We found that A. cunninghamiana and E. edulis overlap partially in their environmental niche and frugivory functional role. The native palm E. edulis prefers warm and wet climates with a narrower range of temperatures. In contrast, the invasive palm, A. cunninghamiana, endures cold seasonal climates with a wide range of temperature variation. Moreover, A. cunninghamiana is expanding its niche to areas with less precipitation seasonality where the precipitation in the driest and coldest quarters of the year is higher (Fig. 2a). Despite such differences, both species can survive under some similar environmental conditions, as 29% to 39% of their environmental niche overlaps (D = 0.29, p = 1, when considering just the native range of A. cunninghamiana, and D = 39, p = 0.5, when considering the native and invaded range of A. cunninghamiana, Fig. 2a). In the areas where both species can co-occur, they potentially have similar functional roles. We found 73 bird species interacting with both palms, 37 species interacting only with A. cunninghamiana and only 47 with E. edulis. The proportion of bird generalist species interacting with A. cunninghamiana is 65%, whereas E. edulis is consumed by higher proportion of bird specialist species (46%) than A. cunninghamiana (35%) (Table S4). The species with more interactions reported with A. cunninghamiana were Ramphastos vitellinus (Channel-billed toucan), R. dicolorus (Green-billed toucan), and with E. edulis were R. dicolorus (Green-billed toucan), Aburria jacutinga (Black-fronted piping guan), and Turdus flavipes (Yellow-legged thrush), T. albicollis (White-necked thrush). The dissimilarity of shared frugivores resulted in 0.57 beta-Sørensen index (0.46 due to turnover and 0.11 due to nestedness). Despite the relatively low proportion of shared frugivores and high turnover between the two plants, we found a high overlap in the functional niche of the palms (D = 0.84, p = 0.01; Fig. 2b).
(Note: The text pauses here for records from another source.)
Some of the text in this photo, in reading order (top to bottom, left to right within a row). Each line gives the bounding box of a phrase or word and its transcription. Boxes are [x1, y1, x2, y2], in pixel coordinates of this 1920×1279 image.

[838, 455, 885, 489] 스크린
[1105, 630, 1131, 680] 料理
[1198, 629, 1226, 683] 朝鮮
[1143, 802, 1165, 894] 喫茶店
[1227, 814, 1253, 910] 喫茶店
The potential area of distribution of E. edulis covers 46% of the Atlantic Forest and A. cunninghamiana can occur between 44% to 82% of the Atlantic Forest (Fig. 3). However, just 50% of the distribution area of the native palm is threatened by invasion by A. cunninghamiana (Fig. 3, Table 1). The northwest area of the Atlantic forest (São Francisco biogeographic region) appears as a potential area of invasion when the A. cunninghamiana model is calibrated in the native range (Fig. 3a). However, this area presents high uncertainty in the prediction (Figure S3A). Consistently, the southeastern Atlantic Forest, the evergreen, semi-deciduous and Araucaria forests (mixed temperate), are most suitable for invasion (Figs. 3 and 4). The southeastern region corresponds to the coldest, most seasonal areas of E. edulis distribution. Further, the invasive palm can expand its distribution to the inner part of the Atlantic Forest, reaching the frontier with Paraguay and Argentina, under current climate conditions.
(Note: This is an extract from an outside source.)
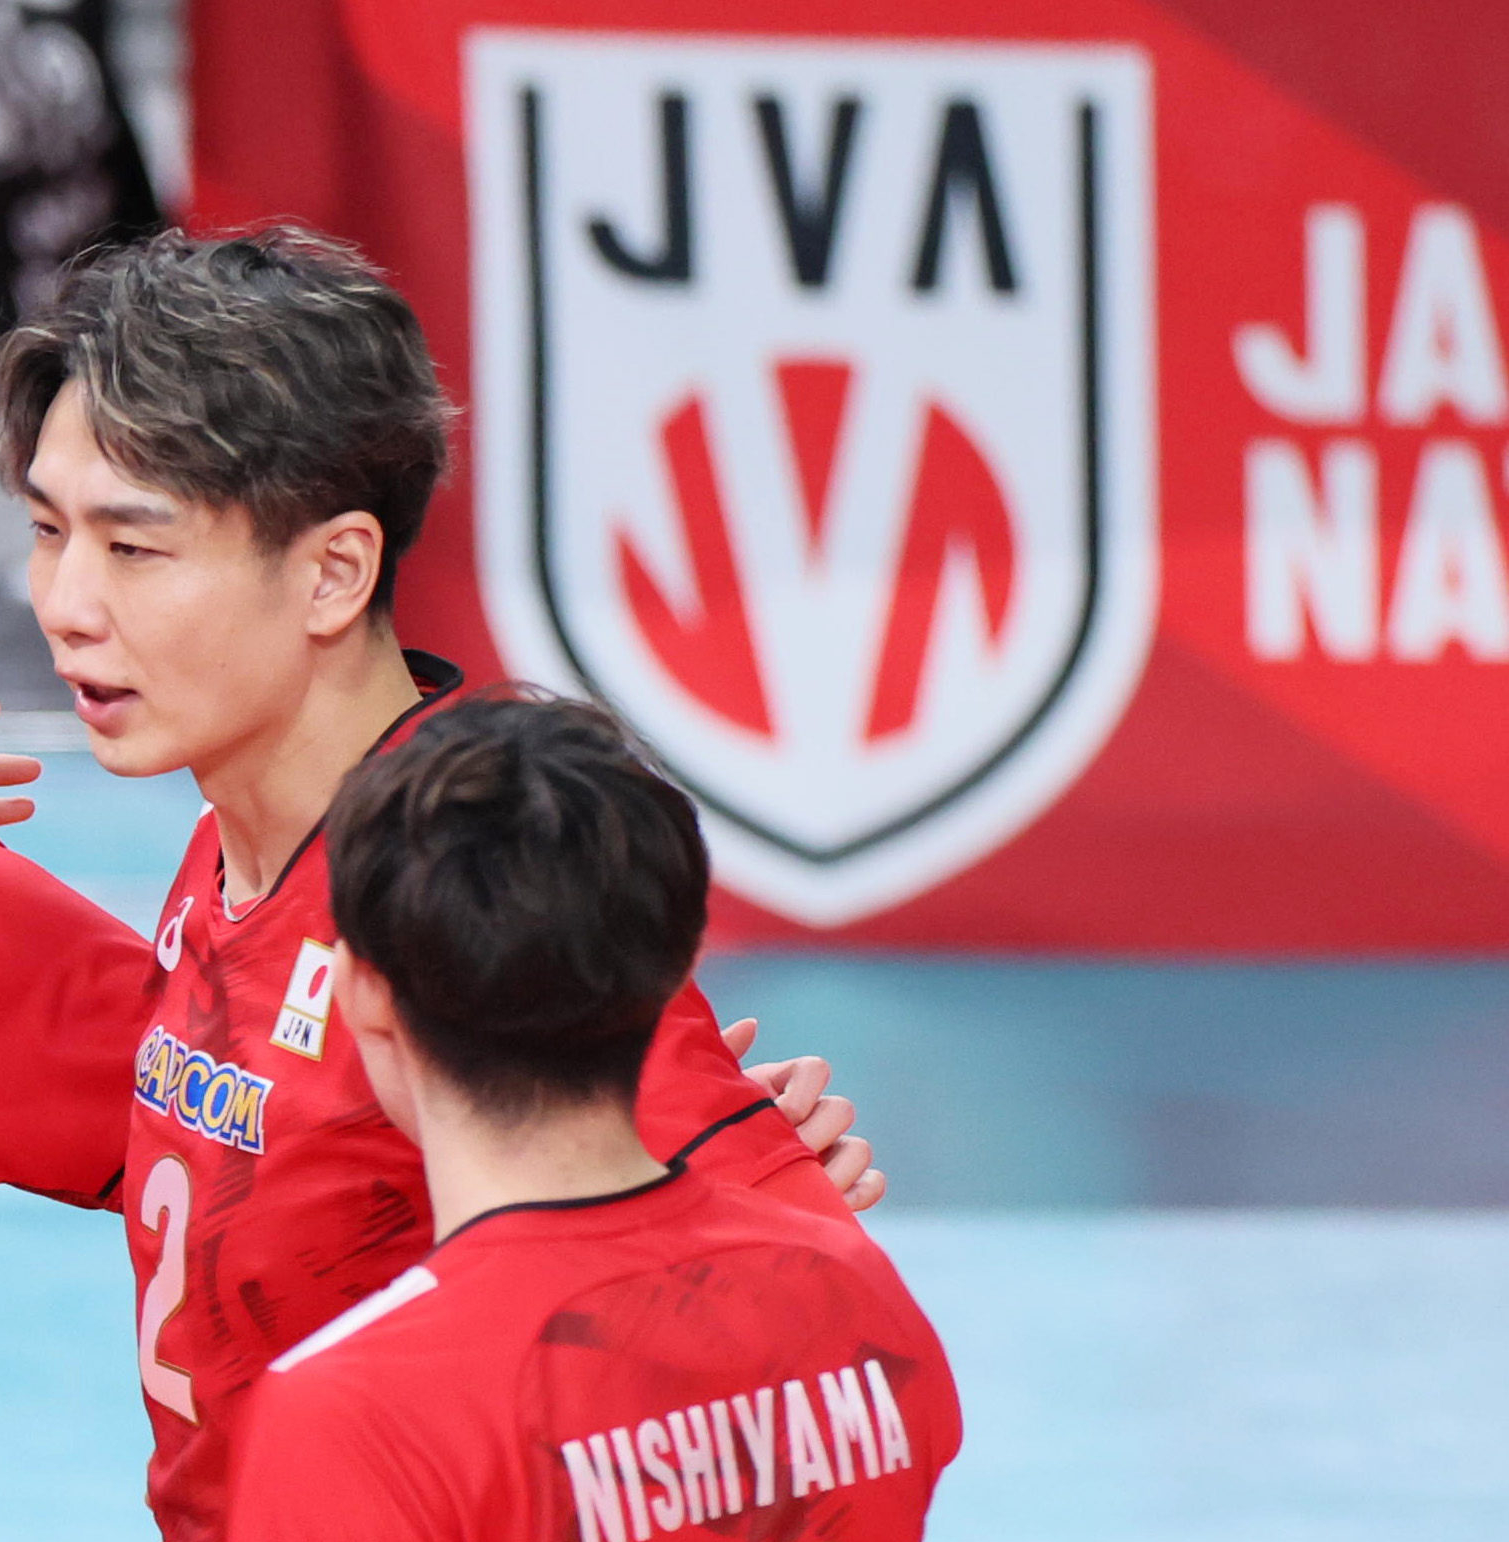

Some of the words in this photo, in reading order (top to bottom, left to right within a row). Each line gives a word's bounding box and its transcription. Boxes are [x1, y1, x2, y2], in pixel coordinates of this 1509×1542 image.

The tendency for the Atlantic Forest to become warmer with high climate seasonality in the future may reduce the potential expansion of A. cunninghamiana into new areas and reduces its geographic overlap with the native species (Table 1 and Fig. 4). All predictions for future climatic scenarios point to a reduction in the distribution of the invasive palm especially given the decrease in the area potentially suitable for invasion in the west part of the Atlantic Forest. This reduction is less drastic if we consider that A. cunninghamiana can invade areas with climates different from its native range, in which case A. cunninghamiana can still remain in almost 50% of the Atlantic Forest (Fig. 4e–h, Table 1). In contrast, the full extent of the native palm distribution appears to change little under future climate change scenarios (Table 1).
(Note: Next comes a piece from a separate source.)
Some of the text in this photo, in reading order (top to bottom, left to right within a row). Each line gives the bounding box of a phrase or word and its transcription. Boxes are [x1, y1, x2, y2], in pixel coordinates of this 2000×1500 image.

The invasive palm, Archontophoenix cunninghamiana, has the potential to invade half of the area of distribution of the native palm Euterpe edulis in the Atlantic Forest and may disrupt the frugivory interactions given the overlap in the environmental niche and the functional roles of these two palm species. Despite A. cunninghamiana preferring colder seasonal climates and E. edulis preferring warmer climates, the environmental niche of the palms overlap up to 39%. This translates into A. cunninghamiana potentially invading nearly 50% of the current projected geographic range of E. edulis, especially in the seasonal and subtropical climate conditions present in the southeastern Atlantic Forest (Joly et al. 2014). Nevertheless, climate change may help to slow the invasion process by reducing the geographic area of suitable climate for A. cunninghamiana, reducing the area of overlap between the two species.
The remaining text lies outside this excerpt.